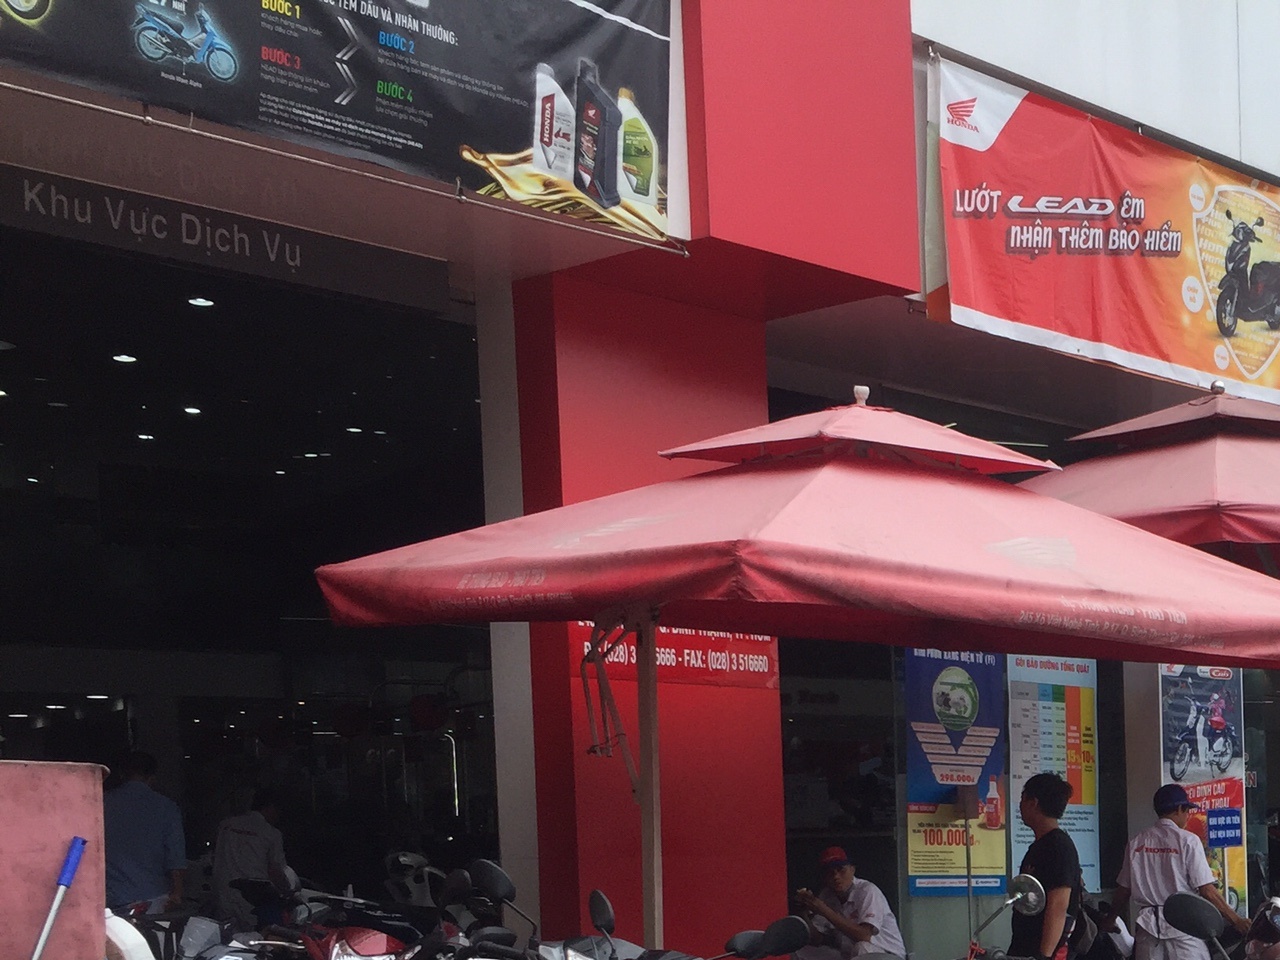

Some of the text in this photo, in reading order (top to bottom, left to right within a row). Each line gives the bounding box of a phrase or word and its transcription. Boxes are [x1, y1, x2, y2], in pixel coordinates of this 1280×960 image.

[408, 40, 415, 55] 2
[294, 55, 300, 70] 3
[406, 89, 414, 103] 4
[543, 102, 551, 143] HONDA
[946, 116, 980, 133] HONDA
[955, 182, 1002, 214] LƯỚT
[1006, 195, 1116, 216] LEAD
[23, 179, 300, 273] Khu Vực Dịch Vụ
[1058, 221, 1104, 249] THÊM
[1108, 223, 1139, 251] BẢO
[630, 645, 637, 664] 3
[683, 649, 706, 669] FAX:
[708, 649, 730, 673] (028)
[731, 653, 738, 671] 3
[739, 654, 769, 674] 516660
[1144, 847, 1179, 855] HONDA

════════

Give back the listing exactly, without a single picture.

Some of the text in this photo, in reading order (top to bottom, left to right within a row). Each line gives the bounding box of a phrase or word and its transcription. Boxes are [x1, y1, x2, y2], in pixel coordinates of this 1280×960 image.

[408, 40, 415, 55] 2
[294, 55, 300, 70] 3
[406, 89, 414, 103] 4
[543, 102, 551, 143] HONDA
[946, 116, 980, 133] HONDA
[955, 182, 1002, 214] LƯỚT
[1006, 195, 1116, 216] LEAD
[23, 179, 300, 273] Khu Vực Dịch Vụ
[1058, 221, 1104, 249] THÊM
[1108, 223, 1139, 251] BẢO
[630, 645, 637, 664] 3
[683, 649, 706, 669] FAX:
[708, 649, 730, 673] (028)
[731, 653, 738, 671] 3
[739, 654, 769, 674] 516660
[1144, 847, 1179, 855] HONDA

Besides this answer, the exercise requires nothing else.